Bertrand Blier, l’auteur de cette hénaurme charge, est un homme sensible doublé d’un humaniste qui piège la connerie ambiante à la manière du regretté Jean Yanne. C’est-à-dire avec une férocité dont l’humour transcende les consensus mous et les nombreuses cibles. Et le même Bertrand Blier, metteur en scène de son propre texte, lui donne une vie sur scène avec une pudeur soigneusement camouflée. Du moins, au premier degré.

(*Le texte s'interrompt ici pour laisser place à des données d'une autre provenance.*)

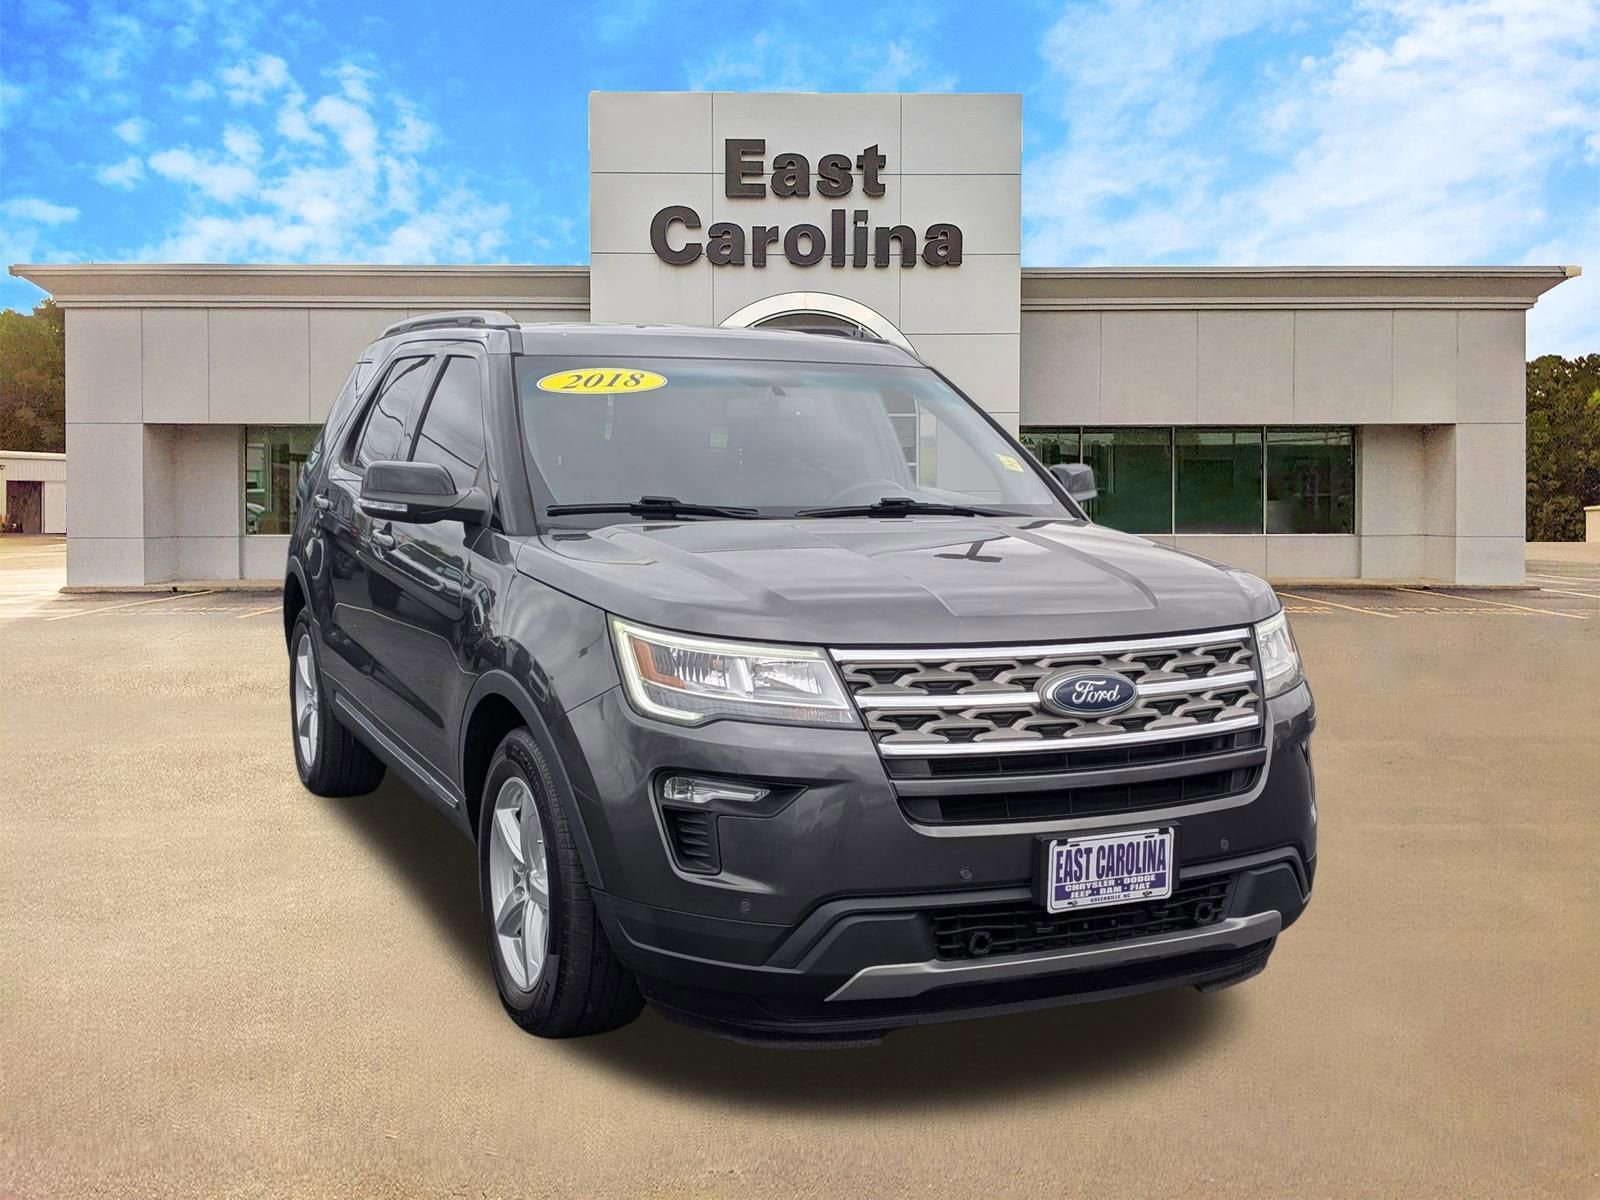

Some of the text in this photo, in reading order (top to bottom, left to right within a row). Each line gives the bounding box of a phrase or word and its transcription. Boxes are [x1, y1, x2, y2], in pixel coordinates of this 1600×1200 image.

[725, 138, 886, 198] East
[650, 205, 963, 267] Carolina
[560, 372, 645, 389] 2018
[1072, 680, 1120, 704] Ford
[1055, 838, 1166, 884] EAST CAROLINA
[1065, 874, 1156, 892] CHRYSLER DODGE
[1071, 882, 1151, 899] JEEP RAM FIAT
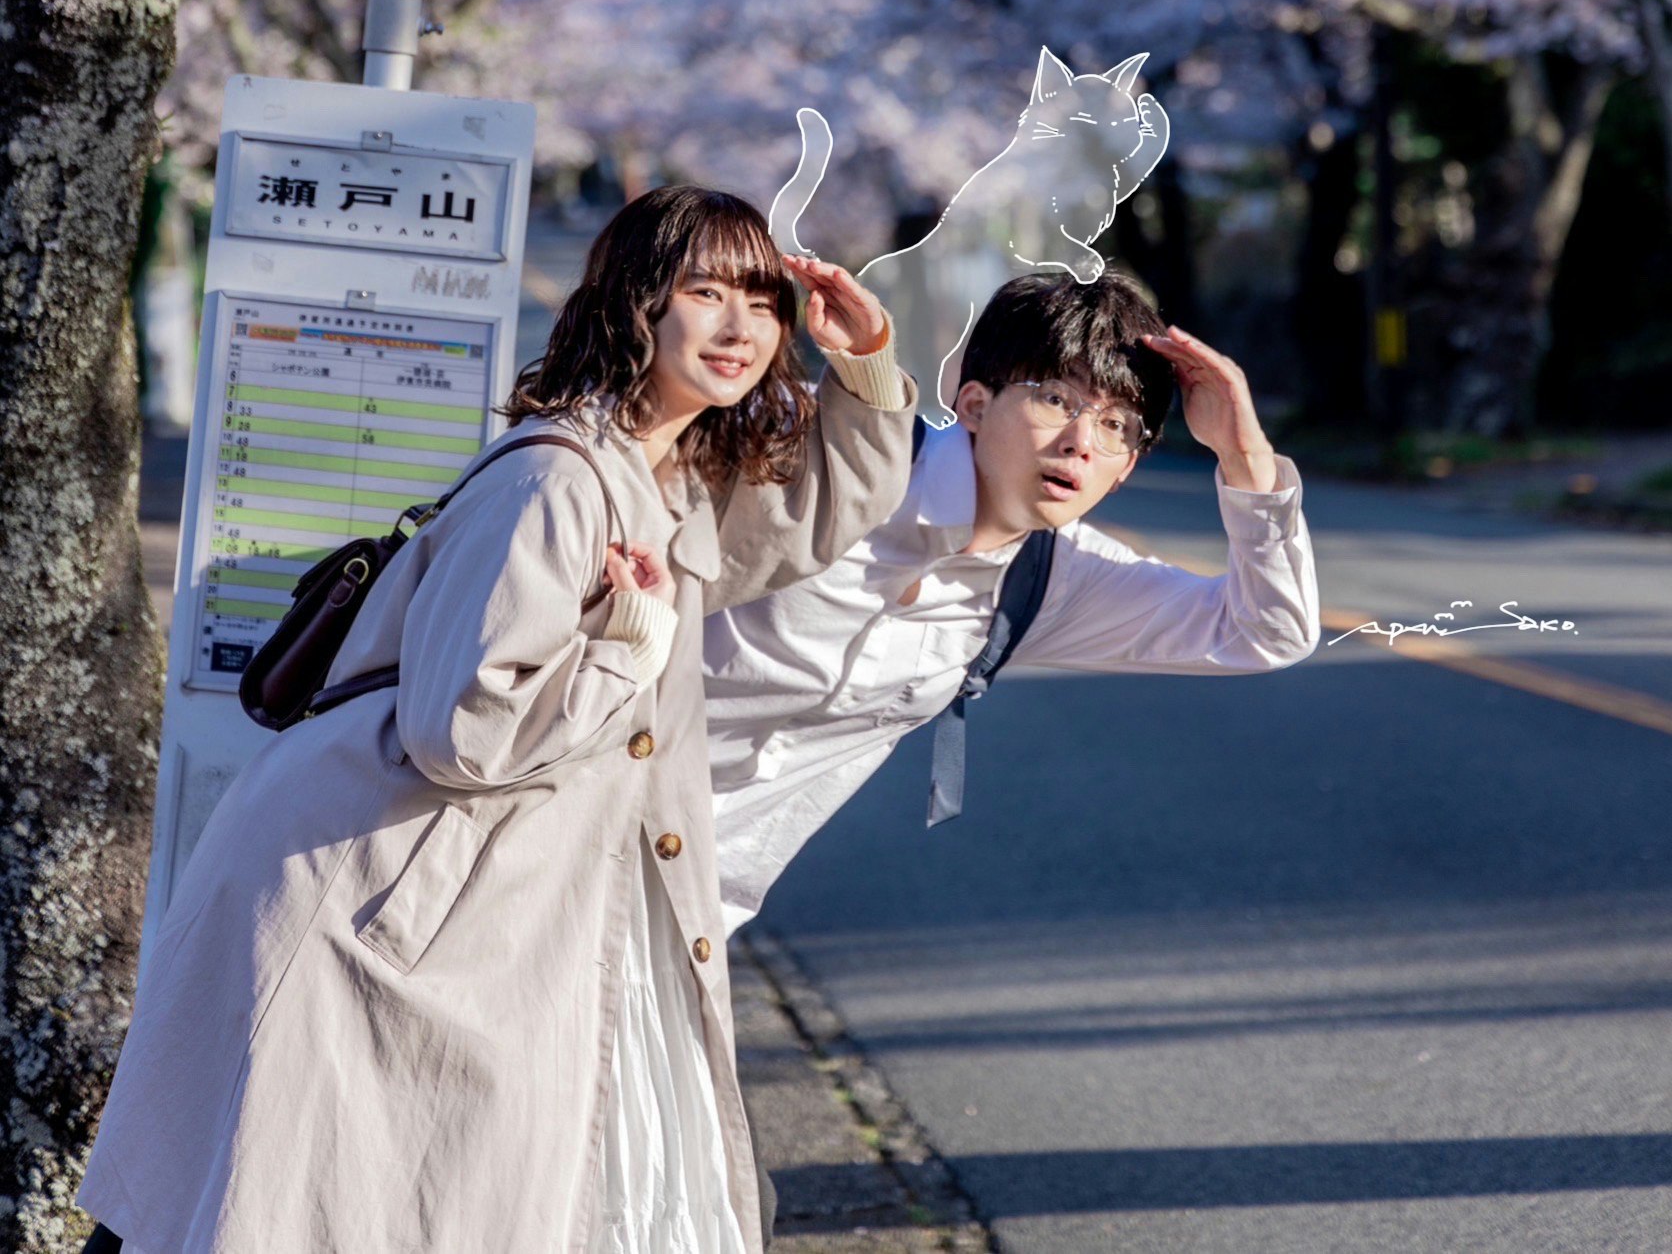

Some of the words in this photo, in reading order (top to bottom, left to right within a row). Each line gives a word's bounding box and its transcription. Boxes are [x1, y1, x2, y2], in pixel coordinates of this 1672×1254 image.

Les amateurs avaient déjà découvert cet auteur fort doué pour la provoc salutaire avec des créations devenues mythiques, comme Les valseuses. Aussi tendres que caustiques, ses films révélaient au grand public de sympathiques spécificités anarchisantes qu’il confirma sur la scène du Théâtre Saint-Martin avec Les côtelettes.

Dans Désolé pour la moquette, au Théâtre Antoine, il persiste et signe. Non seulement il communique son bonheur d’expression à ses nombreux aficionados mais également à une couche de gens exigeants : ce sont généralement des spectateurs qui, au-delà des conventions figées de certains théâtres traditionnels, apprécient les cheminements nouveaux qu’un trop petit nombre de dramaturges prend en compte, pratique ou revendique.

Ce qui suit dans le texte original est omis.